A ideia original era avaliar o efeito combinado da taurina com exercícios físicos e de ambas as intervenções separadamente. A atividade física é considerada uma das principais ferramentas para modular os níveis de substâncias oxidantes e antioxidantes no organismo e, na dose certa, acredita-se que pode potencializar os benefícios da taurina. No entanto, com a chegada da pandemia e o fato de as voluntárias pertencerem a um grupo com maior risco de desenvolver complicações da COVID-19, optou-se por manter apenas a parte nutricional da pesquisa, que poderia ser monitorada remotamente.

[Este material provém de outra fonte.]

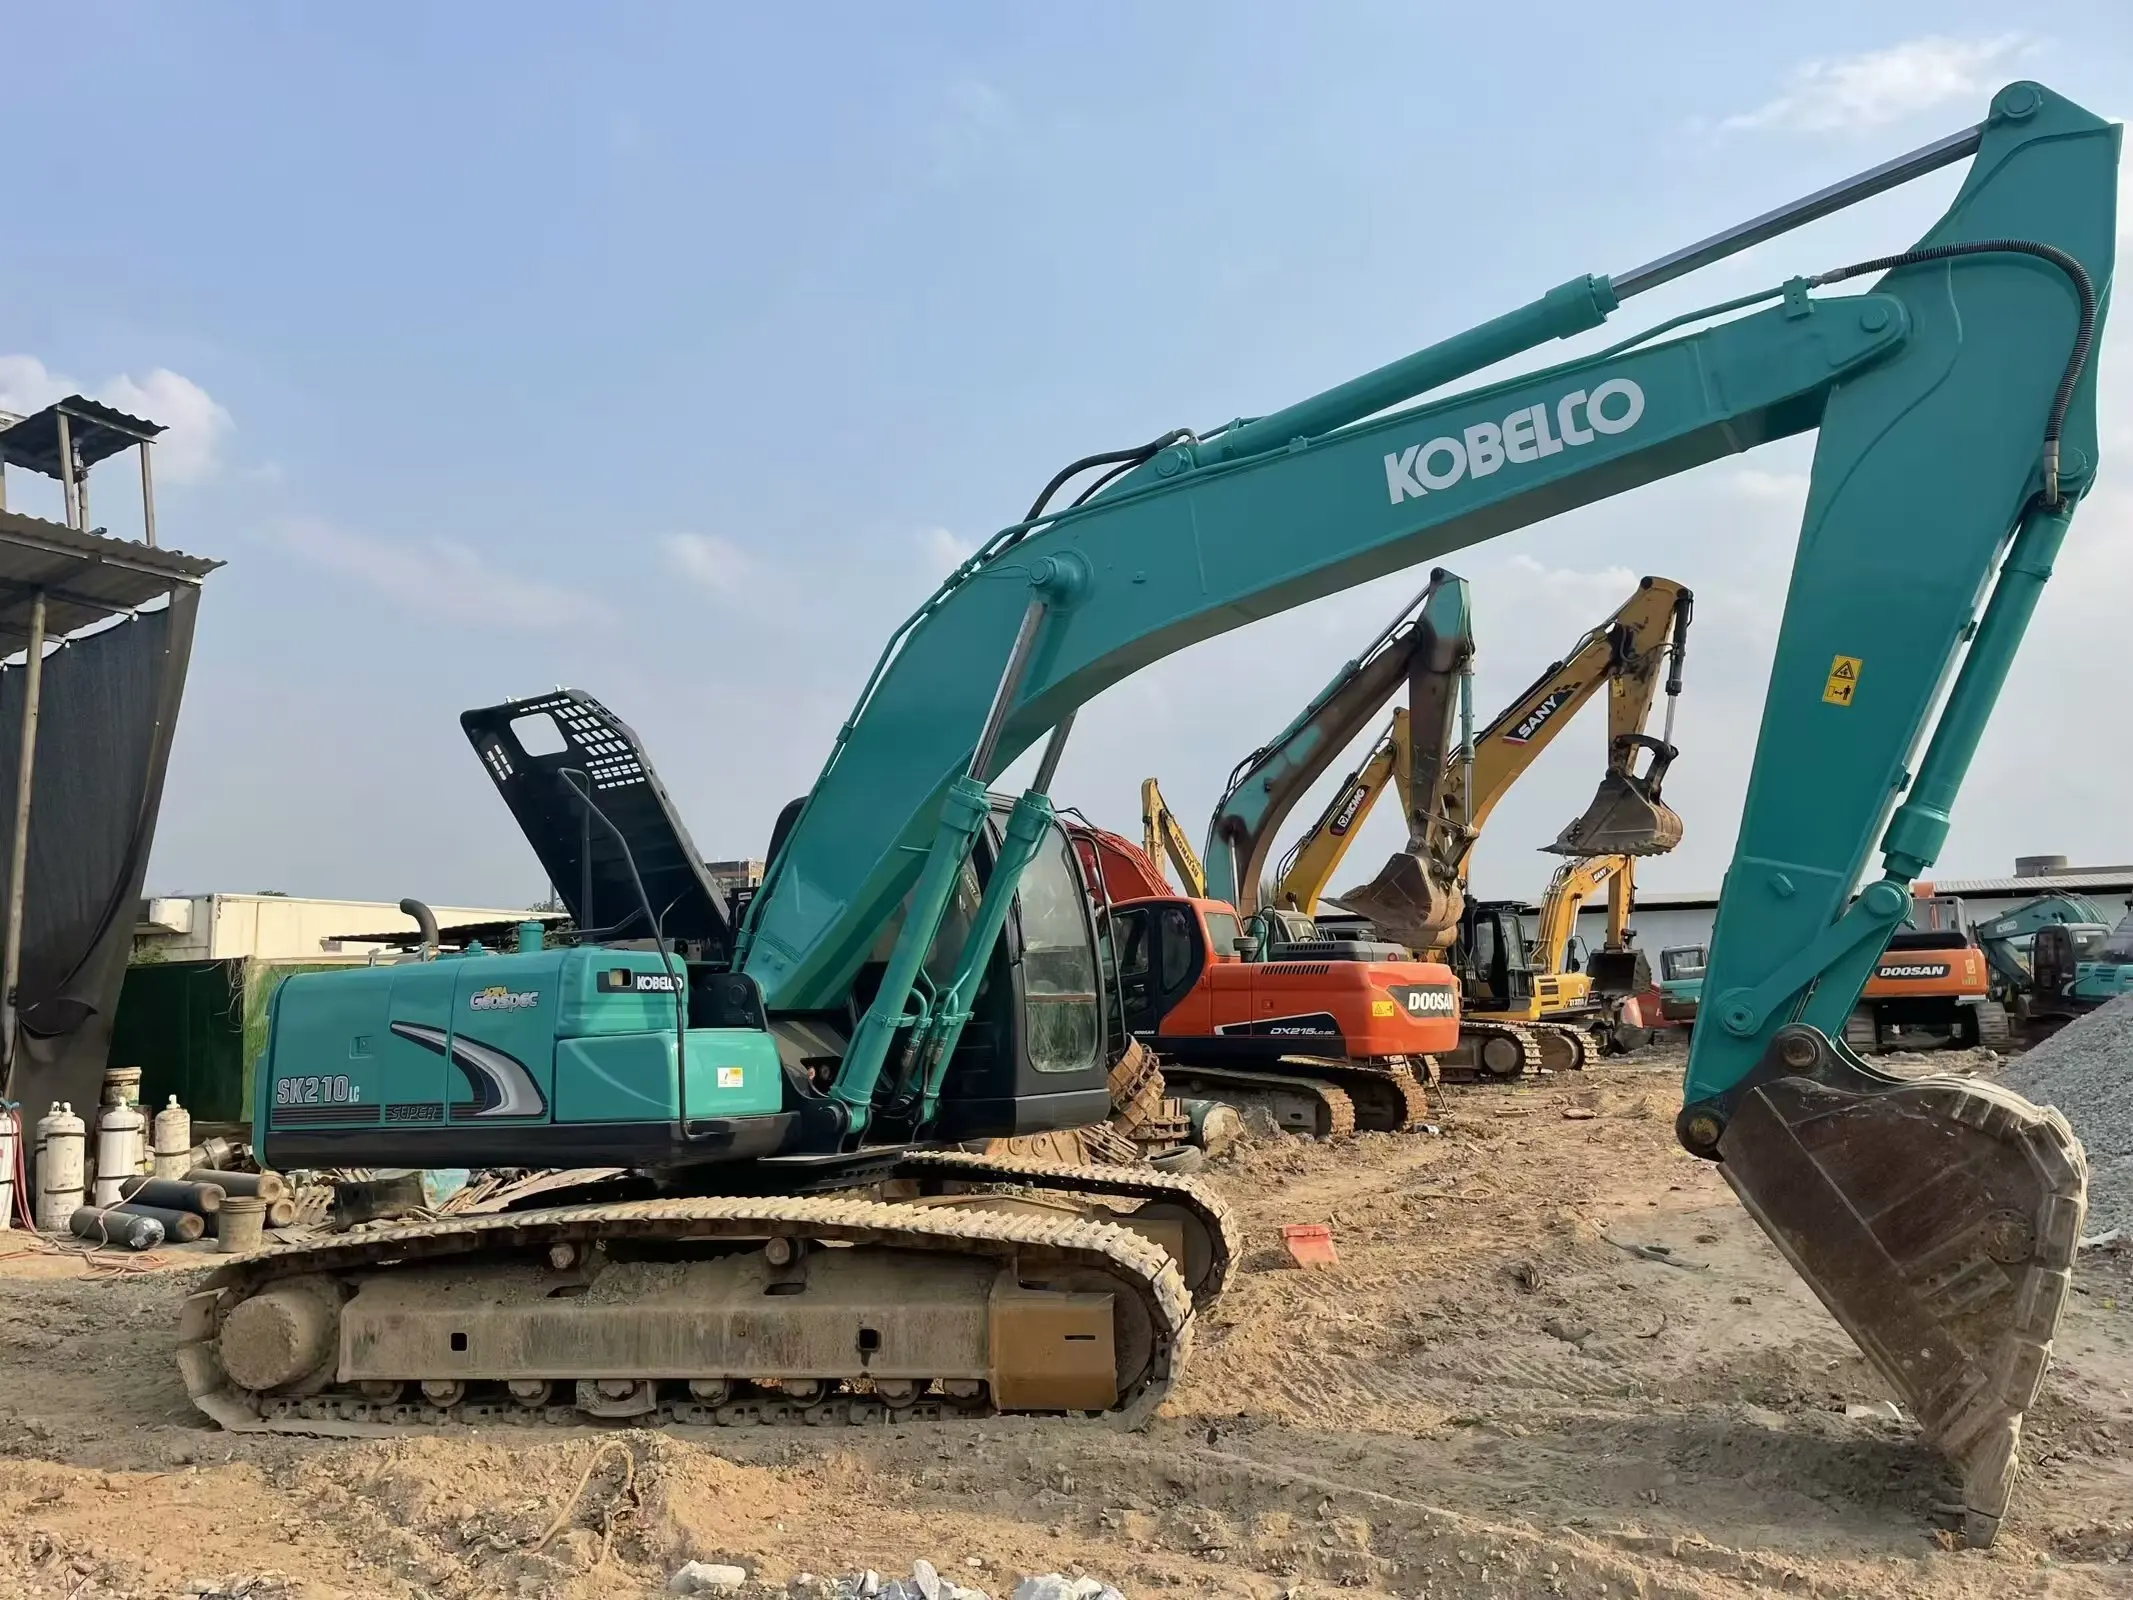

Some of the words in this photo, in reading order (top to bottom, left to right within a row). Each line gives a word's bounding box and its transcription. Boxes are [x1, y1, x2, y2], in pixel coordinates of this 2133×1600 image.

Além da SOD, foram analisados outros dois marcadores de estresse oxidativo: a enzima antioxidante glutationa redutase (GR), que diminuiu significativamente nos dois grupos, e um biomarcador de estresse oxidativo chamado malondialdeído (MDA), que aumentou 23% no grupo-controle e diminuiu 4% em média nas mulheres que tomaram taurina.
“É um resultado tímido, mas acreditamos que pode se tornar bem mais significativo com uma dose maior de taurina”, avalia Freitas.
Para Gabriela Abud, atualmente doutoranda na Faculdade de Medicina de Ribeirão Preto (FMRP-USP) e primeira autora do artigo, mudanças na dieta das voluntárias durante os primeiros meses de isolamento social podem ter afetado os resultados das análises bioquímicas.
“Além dos marcadores de estresse oxidativo, analisamos a concentração de minerais como selênio, zinco, magnésio e cálcio, que são importantes para o funcionamento dessas enzimas. O selênio, por exemplo, é um cofator da glutationa peroxidase [que indiretamente ajuda a eliminar o peróxido de hidrogênio do organismo] e estava reduzido nos dois grupos”, conta Abud.
Como destaca Freitas, o suplemento de taurina é apenas a “cereja do bolo” e sozinho não faz milagre. “Um estilo de vida saudável, com alimentação balanceada e prática regular de exercícios, é fundamental para que o efeito antienvelhecimento ocorra.”
No próximo estudo, o grupo pretende incluir mulheres obesas, entre 60 e 75 anos, que apresentam sarcopenia – condição caracterizada pela perda de massa muscular e associada à inflamação. “É uma população com grande risco de desenvolver complicações. Vamos oferecer treinamento físico associado a suplementação diária com 3 gramas de taurina e com isso observar as possíveis alterações decorrentes dessas intervenções”, adianta Freitas.
Vale ressaltar que os benefícios e riscos de suplementar a dieta com taurina ainda estão sendo investigados. O consumo de suplementos não deve ser feito sem a orientação de um profissional de saúde.
O artigo Taurine as a possible antiaging therapy? A controlled clinical trial on taurine antioxidant activity in women ages 55 to 70 years pode ser lido em: www.sciencedirect.com/science/article/abs/pii/S0899900722001198#!.